The average rate outside of these sales was between 6.00 and 7.50 euros/box, leaving operators with little confidence in the future. Furthermore, at the end of this period, reports that the Costa Rica would provide a small Sweet supply began to circulate.

Weeks 3 to 22, 2015

The Costa Rican Sweet supply gradually decreased to reach under-supply levels. There were several reasons for this: first of all, a freight allocation problem, as Costa Rican melon exports supplanted pineapple exports. Secondly, the heavy rains in Costa Rica considerably limited availability. This shortfall caused a price increase, most particularly for the less abundant large sizes. This increase began in February, generally a quiet month in terms of demand, and continued until late March, just before Easter.

Furthermore, the North American market was dynamic whereas the European market, with its higher delivery costs, was less appealing due to the euro-dollar near-parity.
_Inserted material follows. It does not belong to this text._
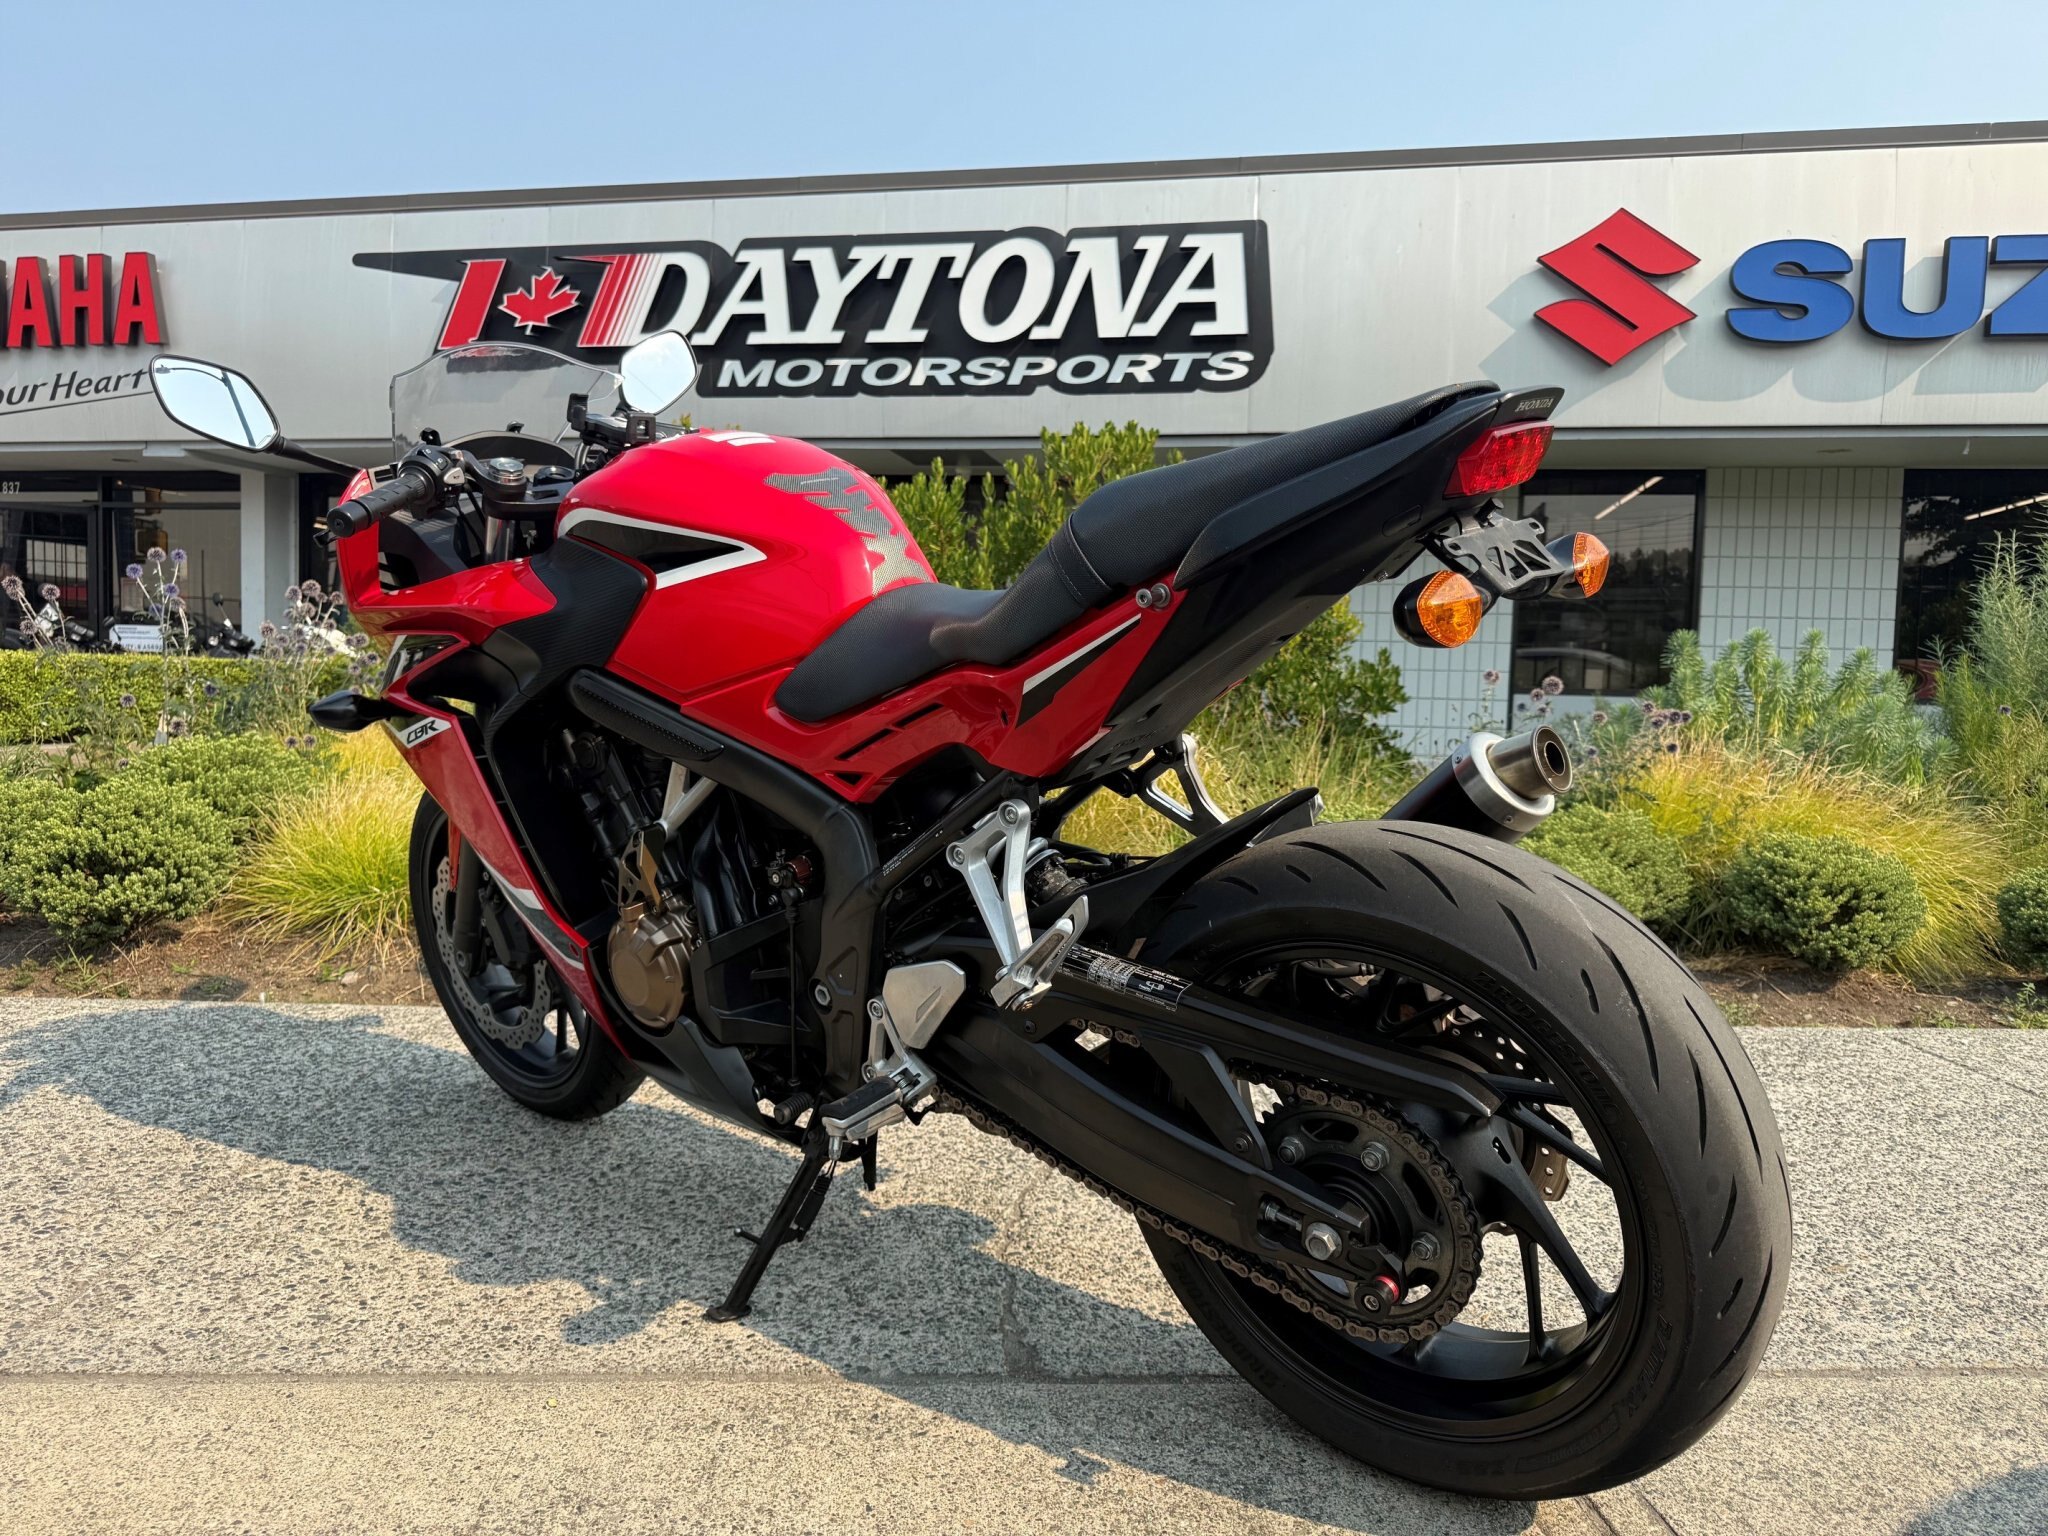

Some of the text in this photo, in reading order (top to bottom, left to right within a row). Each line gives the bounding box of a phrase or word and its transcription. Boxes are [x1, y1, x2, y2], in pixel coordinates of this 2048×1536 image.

Just after Easter, the arrival of slightly more substantial volumes of Sweet raised fears of a rapid drop in prices, especially since the period coincided with the start of the school holidays. However, the supply was still small enough to help stabilise the fall in rates, while maintaining a relatively high price level. In late May, the first summer fruits, despite their high price, led to a reduction in pineapple demand, forcing operators to gradually adjust their prices. During week 21, Aldi cancelled a series of pineapple promotions.

Average Sweet rates varied between 7.00 and 12.00 euros/box, and were at their highest during weeks 8 to 13, at between 10 and 12 euros/box.

Weeks 23 to 29, 2015

The seasonal fruits supply captured the bulk of demand, while maintaining high prices. Increasingly struggling to sell off their batches, the operators reacted by lowering their prices in the hope of getting sales moving. The lack of interest in the fruit arose when natural-flowering pineapples arrived; fortunately the flowering proved shorter than predicted. These unplanned volumes caused a drop in rates, which affected all the operators, even for established brands such as Del Monte and Dole, which ended up with too much fruit to put on the market. With sales remaining at a standstill, several batches were offered at post-sale prices.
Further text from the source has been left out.